Please give back the listing below word for word, without the images.

++++++++

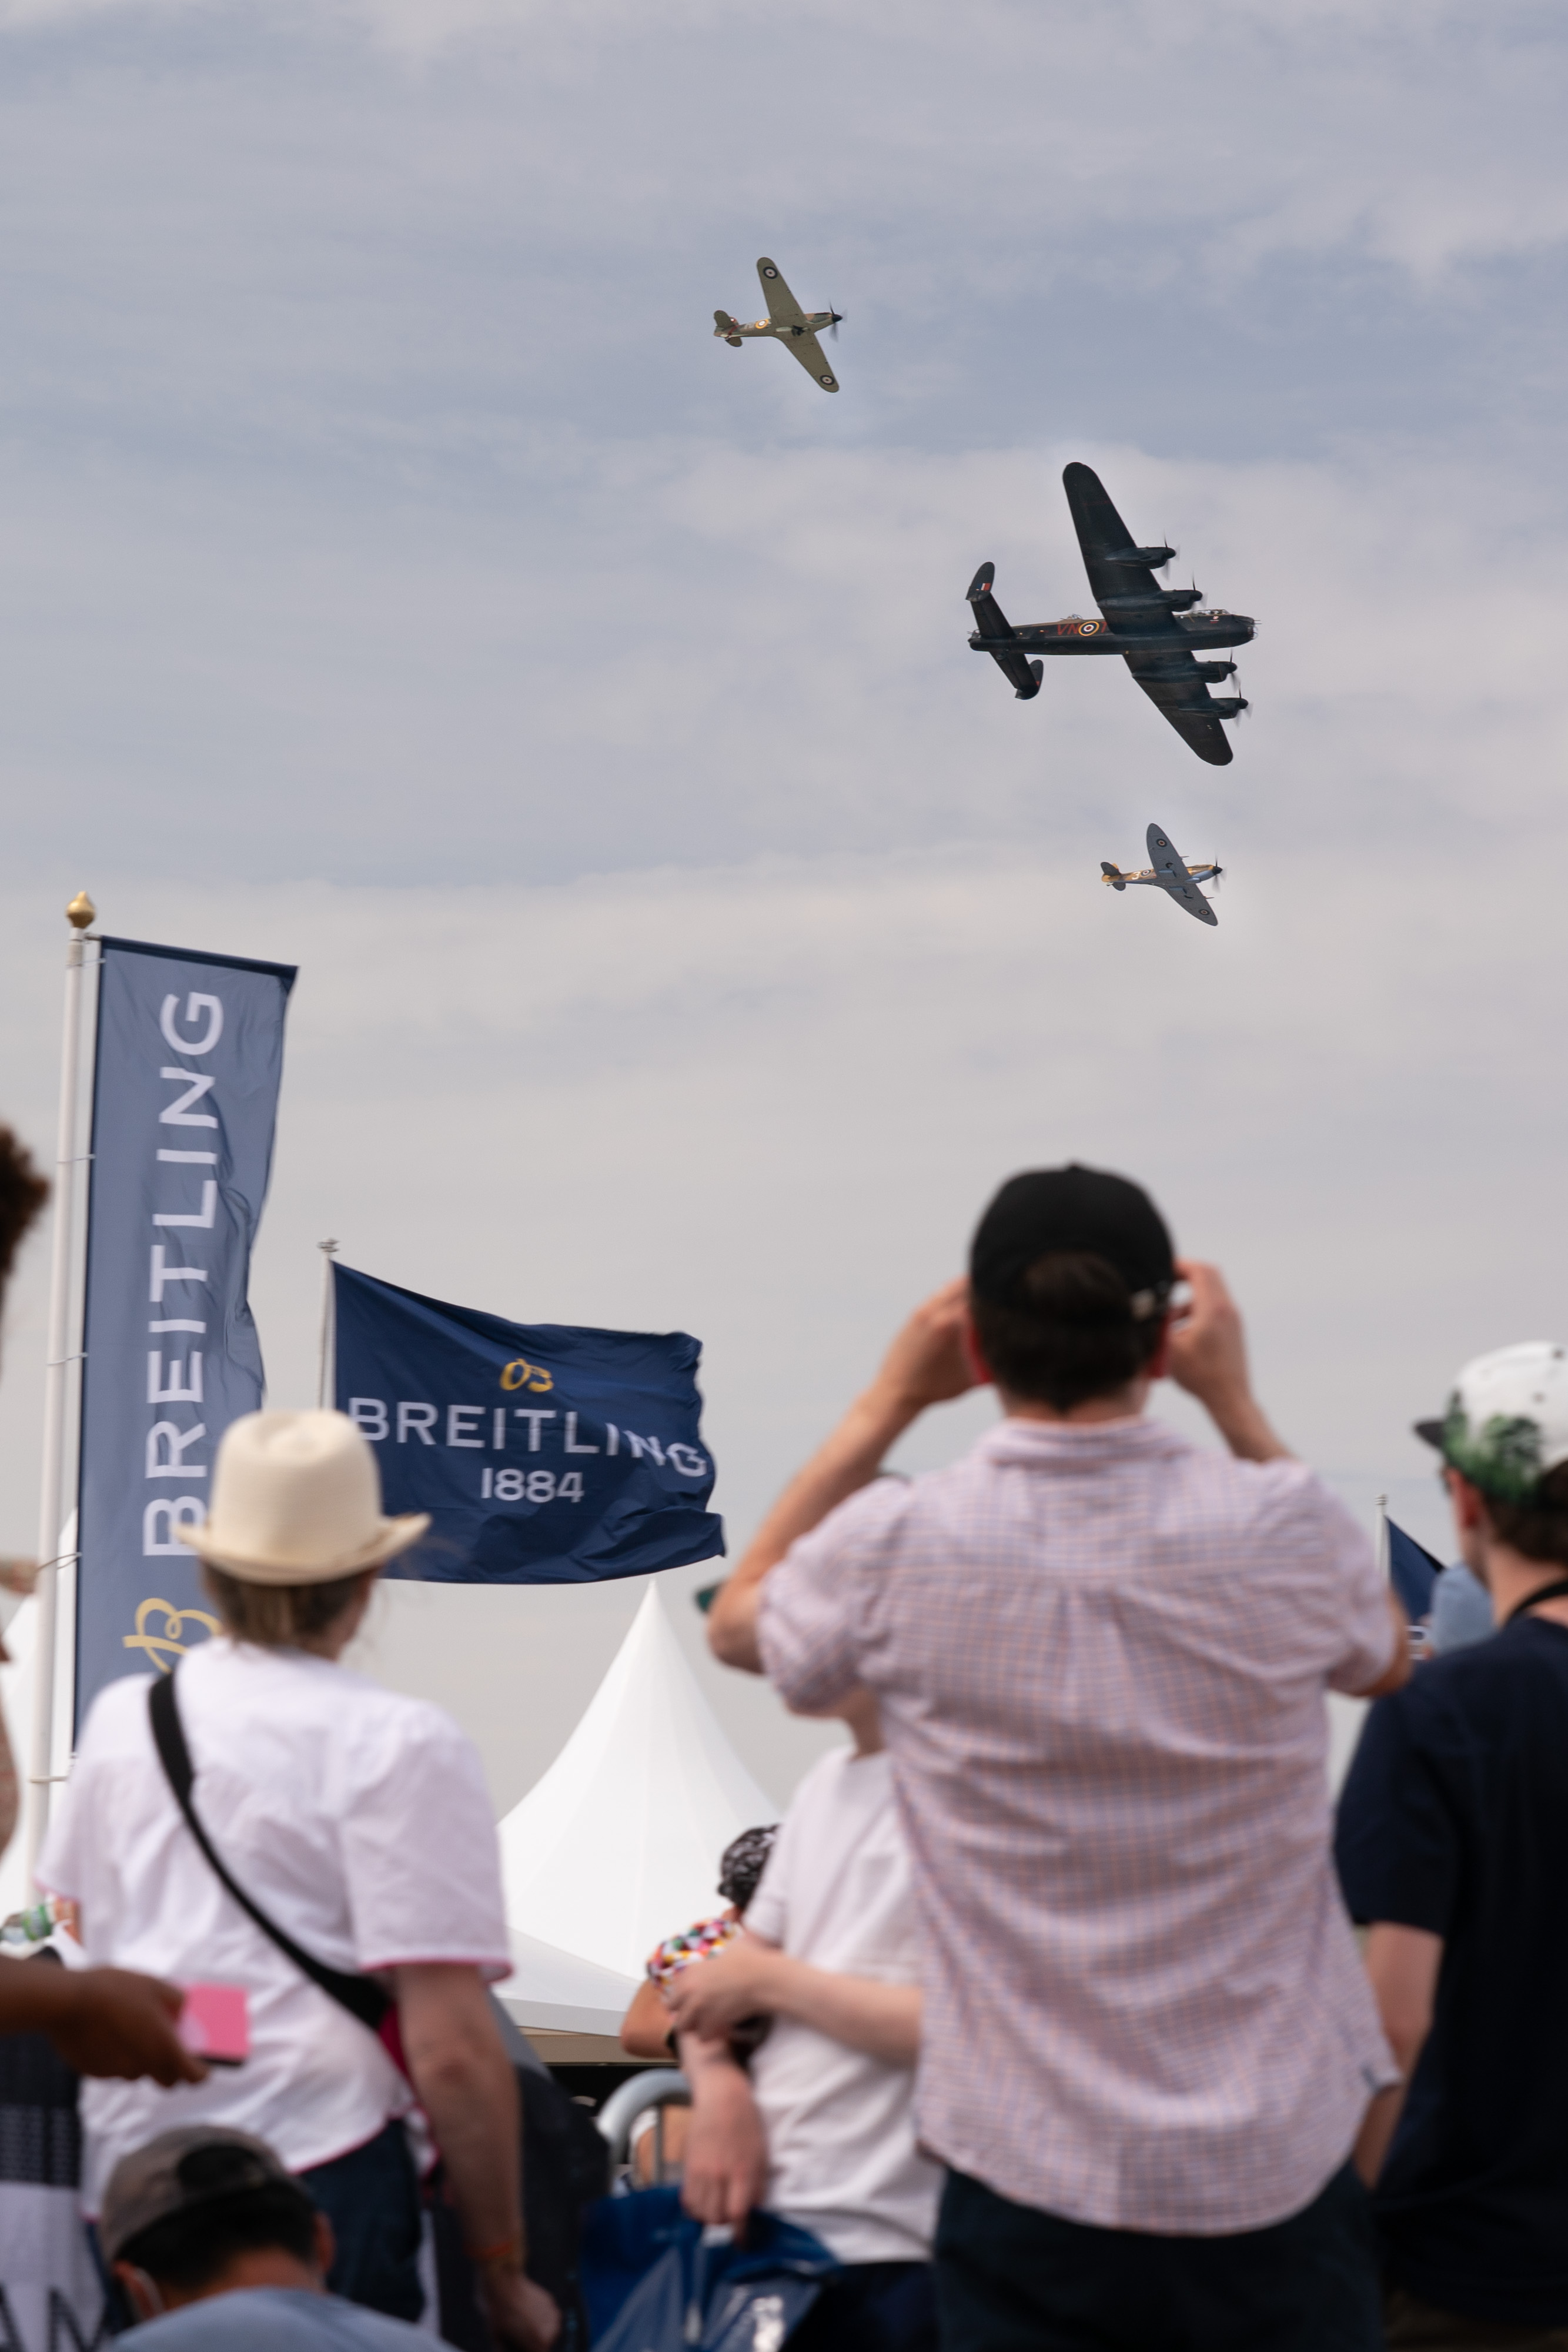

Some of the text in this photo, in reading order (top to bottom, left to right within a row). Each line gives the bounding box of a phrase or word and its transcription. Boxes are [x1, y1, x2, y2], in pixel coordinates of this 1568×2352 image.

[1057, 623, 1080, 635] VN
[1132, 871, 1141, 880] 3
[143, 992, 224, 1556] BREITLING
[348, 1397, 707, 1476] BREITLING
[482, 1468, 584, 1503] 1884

++++++++

- **Completed exercise**
Some of the text in this photo, in reading order (top to bottom, left to right within a row). Each line gives the bounding box of a phrase or word and its transcription. Boxes are [x1, y1, x2, y2], in pixel coordinates of this 1568×2352 image.

[1057, 623, 1080, 635] VN
[1132, 871, 1141, 880] 3
[143, 992, 224, 1556] BREITLING
[348, 1397, 707, 1476] BREITLING
[482, 1468, 584, 1503] 1884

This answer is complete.